Blenkiron was born in Marrick, Richmond, Yorkshire, about 1807. He was originally brought up as a farmer, but he abandoned that pursuit, and moved to London in 1834, and began business as a general agent in Cheapside. In 1845, he added to his establishment a manufactory of stocks and collars, and three years later retired in favour of his son.

Blenkiron always desired to be the owner of a racehorse, and in 1847, while residing at Dalston, he purchased a mare named Glance. She was by Venison out of Eyebrow, by Whisker, one of Lord George Bentinck's breeding. In course of time she bore a colt, Young Beverlac, which ran at race meetings with moderate success. The colt was afterwards exchanged for three mares, and these formed the commencement of a stud destined to become the most celebrated of any establishment of horses in Europe.

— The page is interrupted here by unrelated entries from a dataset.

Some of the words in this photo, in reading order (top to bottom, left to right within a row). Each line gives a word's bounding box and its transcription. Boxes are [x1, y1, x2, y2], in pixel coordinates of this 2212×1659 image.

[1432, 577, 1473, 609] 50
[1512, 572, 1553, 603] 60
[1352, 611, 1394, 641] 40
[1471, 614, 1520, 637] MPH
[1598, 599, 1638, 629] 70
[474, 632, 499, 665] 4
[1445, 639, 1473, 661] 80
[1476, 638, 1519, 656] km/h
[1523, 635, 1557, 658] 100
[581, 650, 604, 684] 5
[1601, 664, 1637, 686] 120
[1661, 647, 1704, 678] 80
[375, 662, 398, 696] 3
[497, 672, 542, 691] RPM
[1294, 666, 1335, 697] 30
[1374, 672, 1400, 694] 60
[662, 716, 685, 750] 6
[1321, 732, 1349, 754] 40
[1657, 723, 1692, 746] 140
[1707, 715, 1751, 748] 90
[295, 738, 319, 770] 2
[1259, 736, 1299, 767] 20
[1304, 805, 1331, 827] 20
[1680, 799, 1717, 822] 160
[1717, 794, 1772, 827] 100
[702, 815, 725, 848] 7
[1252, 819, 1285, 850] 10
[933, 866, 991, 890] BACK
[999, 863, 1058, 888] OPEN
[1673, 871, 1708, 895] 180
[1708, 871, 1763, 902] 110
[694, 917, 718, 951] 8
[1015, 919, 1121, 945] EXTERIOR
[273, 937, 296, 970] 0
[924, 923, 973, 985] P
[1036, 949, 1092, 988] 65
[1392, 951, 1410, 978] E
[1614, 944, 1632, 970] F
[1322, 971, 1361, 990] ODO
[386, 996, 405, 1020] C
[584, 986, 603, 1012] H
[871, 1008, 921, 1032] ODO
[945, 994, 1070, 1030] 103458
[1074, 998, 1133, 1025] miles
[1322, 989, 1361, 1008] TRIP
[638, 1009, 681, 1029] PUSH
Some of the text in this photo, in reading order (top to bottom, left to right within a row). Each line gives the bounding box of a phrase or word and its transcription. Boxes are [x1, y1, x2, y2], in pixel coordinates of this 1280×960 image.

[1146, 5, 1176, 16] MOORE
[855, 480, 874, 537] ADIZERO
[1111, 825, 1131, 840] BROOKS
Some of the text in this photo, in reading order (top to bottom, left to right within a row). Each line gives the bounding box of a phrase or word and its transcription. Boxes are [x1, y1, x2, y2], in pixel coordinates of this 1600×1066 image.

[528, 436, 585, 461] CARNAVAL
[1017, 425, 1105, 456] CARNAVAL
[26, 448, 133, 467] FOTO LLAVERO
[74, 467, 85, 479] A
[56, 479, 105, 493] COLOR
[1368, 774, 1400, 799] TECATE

About 1852, Blenkiron, wanting more room, moved from Dalston to Middle Park, Kent. He brought with him seven or eight brood mares, and Neasham, the head of the list of Eltham sires. The establishment now rapidly increased, until it was augmented to upwards of two hundred of the highest class and best mares that money and experience could produce. Kingston, Touchstone, Birdcatcher, and Newminster were the four cornerstones of his extensive stud, and it was to the first of these that he, to a great extent, owed his success as a breeder; for that horse was the sire of Caractacus, who was perhaps the most sensational Derby winner on record.

As a breeder of stock he had few equals in the matter of judgement, and no superior in the extent of his dealings. Whenever he desired to buy either brood mares or stallions, it was not of the least use to oppose him at an auction sale. Amongst his very numerous purchases he gave 3,000 guineas for Kingston, 5,000 guineas for Blink Bonny, 5,800 guineas for Gladiateur, 2,000 guineas for Rosa Bonheur, and 5,000 guineas for Blair Athol. The horses were pastured and stabled at his three establishments at Middle Park, Waltham Cross, and Esher.

He was never satisfied unless he was constantly weeding and improving his stock. The annual sales of stock at Middle Park drew together all connected with the turf, not only in England, but from France and other countries. Middle Park was then the largest breeding stud that any country ever saw, and considered one of the sights of England. After 1866 it was found necessary to hold two annual sales to dispose of the increase in the stock.

Blenkiron bred Hermit, the Derby winner in 1867, and Gamos, which won the Oaks in 1870. These stud farms paid their proprietor a handsome return on his outlay during his lifetime, and his liberality was shown in many ways, conspicuously, however, in his founding the great two-year-old race at Newmarket, to which he contributed for some time 1,000l. a year.

He died at Middle Park 25 September 1871, in his sixty-fourth year, and was buried in Eltham churchyard 30 September.